After a summer hiatus, our writing group gathered via Zoom yesterday to share what we’ve written to the prompt “a black and white photograph.” Here’s my piece.
The 3 x 4-inch photograph is blurry, and the lighting isn’t good. In it, a couple stands in front of a porch covered with vines or garland in a bed of what looks like flowers. Behind them, off to the side and in the background, there’s a picket fence and, farther back, the shape of a house.
The man’s name is Tenor. He’s dressed in a dark suit with a light spot on the lapel that could be a small boutonniere. He’s standing in shadow and at a slight angle—almost prophetically—like he’s about to walk out of the frame. His facial features aren’t clear, but there’s something about the way the shadows fall on his face that makes me think he’s smiling. The woman, Belle, is wearing an ankle-length long-sleeved light coloured dress that may or may not be white. What strikes me most about the photograph is her smile. She’s beaming, looking a little mischievous and, though I can’t see her eyes, I’m certain their sparkle matches the brilliance of her smile. Her short dark hair is parted on one side, falling to her earlobes. There’s nothing “done up” about it and it’s not what I’d call attractive. She seems to hold something in hands clutched together at her waist. A handkerchief? A flower? Or maybe she’s just fiddling with her hands because she’s giddy and nervous. If only the man in the shadows had noticed, reached out, and held her hand in his own.
The year is 1923. He is 25-years-old and she is 26. In the next eight years, beginning with the occasion marked by this out-of-focus photograph, they will welcome three children into their family. When the youngest, a daughter, is three months old, during the devastating years that came to be known as the Dirty Thirties in Saskatchewan—years of dust storms, grasshoppers, drought, and hail that destroyed millions of acres of crops, not to mention breaking the spirit of countless families who were left destitute—the man will die of pneumonia. Subsequent years will take the sparkle from Belle’s eyes and, by the time I know her as my grandma, the clear-eyed young woman with the fetching smile captured in this photograph will, herself, be a shadow of who she once was, having borne weight so heavy that her back developed a permanent stoop.
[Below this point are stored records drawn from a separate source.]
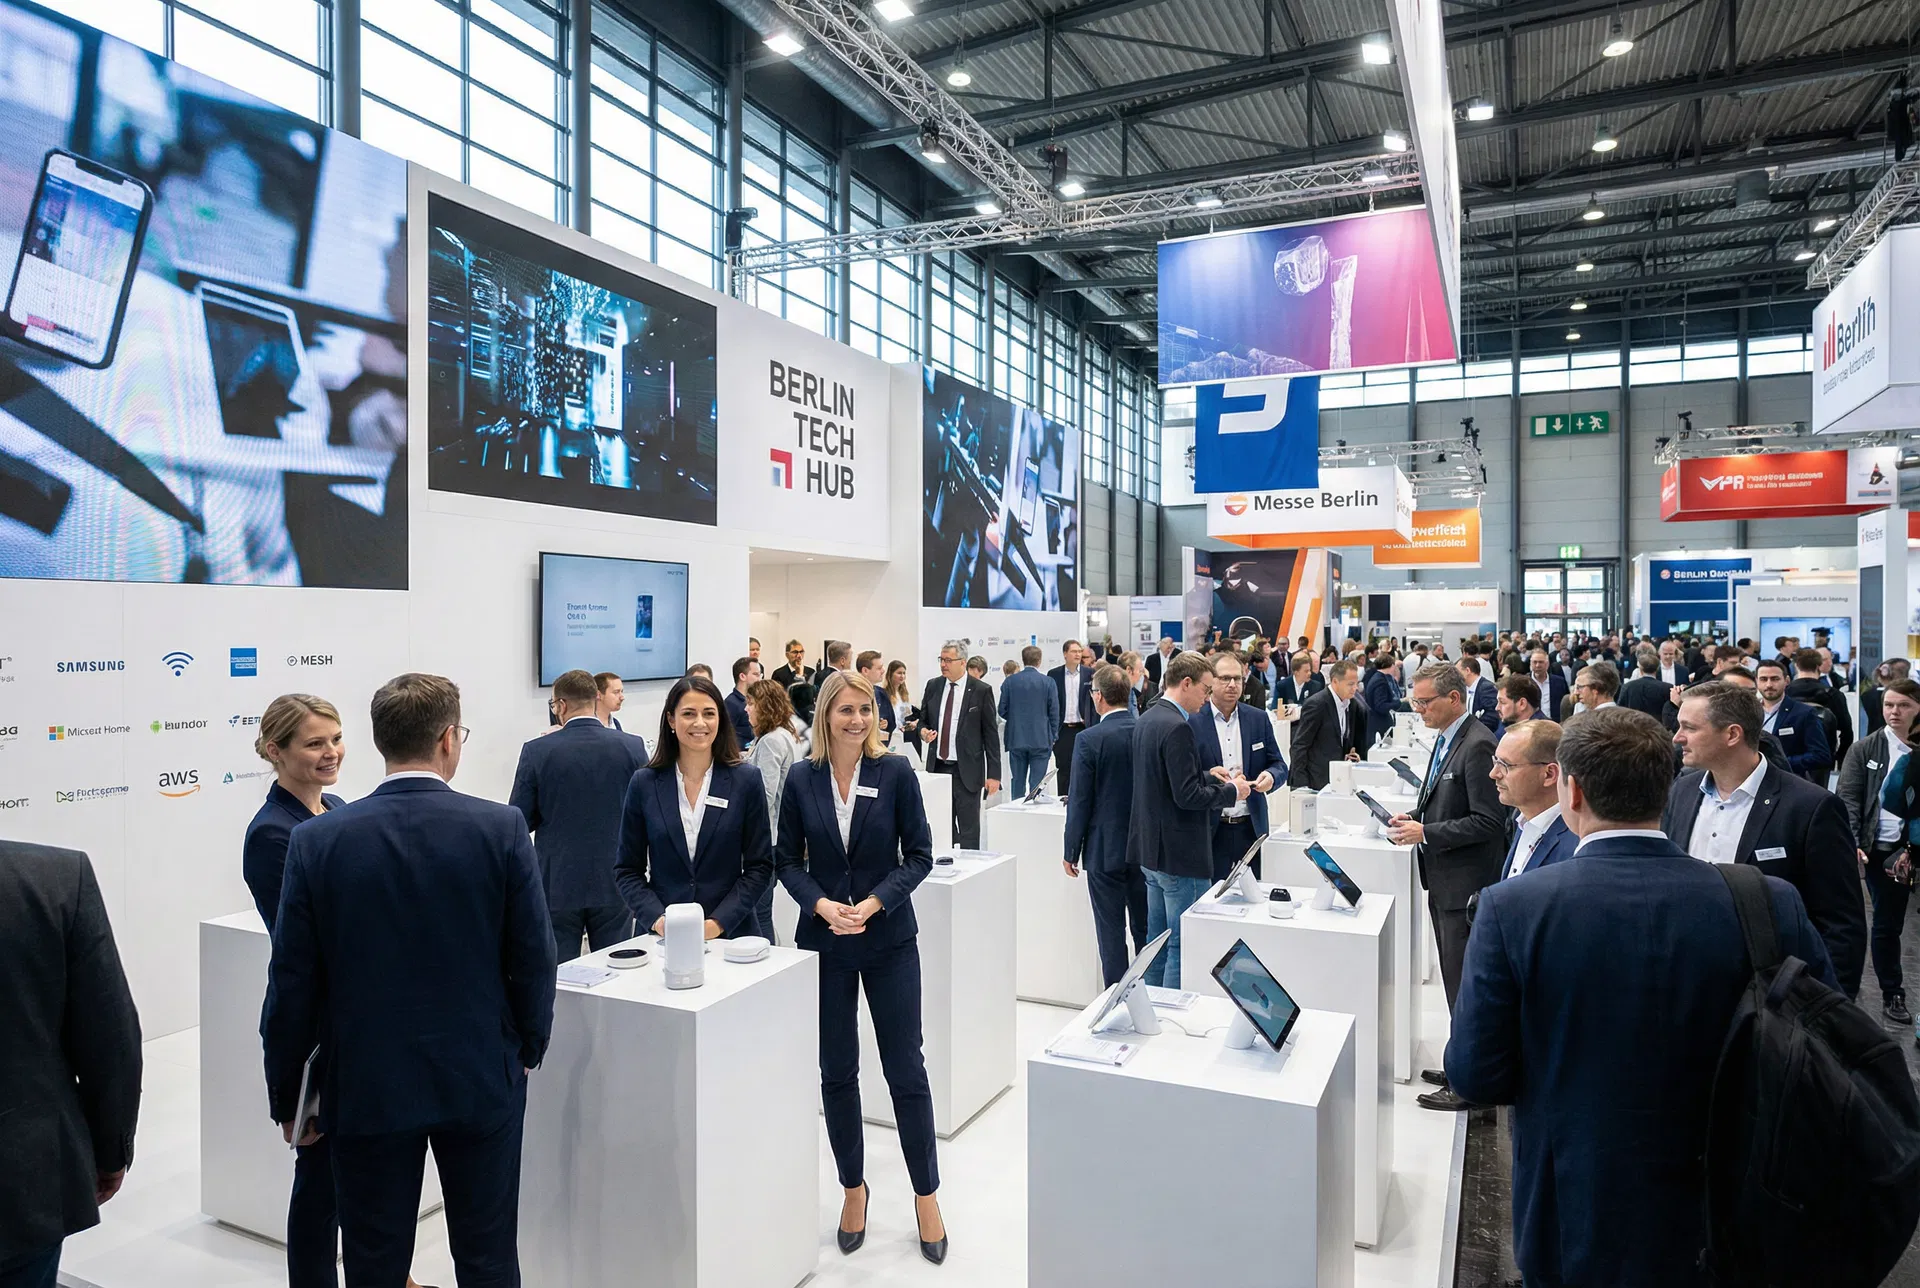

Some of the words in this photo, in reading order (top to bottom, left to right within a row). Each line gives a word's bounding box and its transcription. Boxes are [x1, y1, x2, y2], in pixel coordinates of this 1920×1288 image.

[1838, 296, 1875, 361] Berlin
[770, 359, 854, 421] BERLIN
[793, 411, 854, 460] TECH
[806, 458, 854, 500] HUB
[1254, 494, 1315, 511] Messe
[1321, 489, 1379, 508] Berlin
[57, 660, 125, 673] SAMSUNG
[301, 655, 333, 666] MESH
[104, 725, 131, 734] Home
[158, 769, 199, 788] aws
This photograph is a stark contrast to the professional wedding photos we’ve grown accustomed in the twenty-first century. Most modern wedding photos are in colour, of course, tack-sharp and picture perfect. Couples purchase packages with hundreds of images taken on their special day—photos leading up to the actual wedding, the procession, the ceremony itself,and tons of poses with an assortment of friends and family taken afterward. Sometimes, after the ceremony and before the reception, the wedding party steals away with the photographer for distinctive photos taken in places with special meaning to them like golf courses, waterfronts, or parks. Later, images are enlarged and hung on the wall or put on a shelf in the couple’s home, and given to family and friends as mementos. A photo like this one, with the man in the shadows and the woman’s eyes not clearly visible, would never make it out of the virtual darkroom.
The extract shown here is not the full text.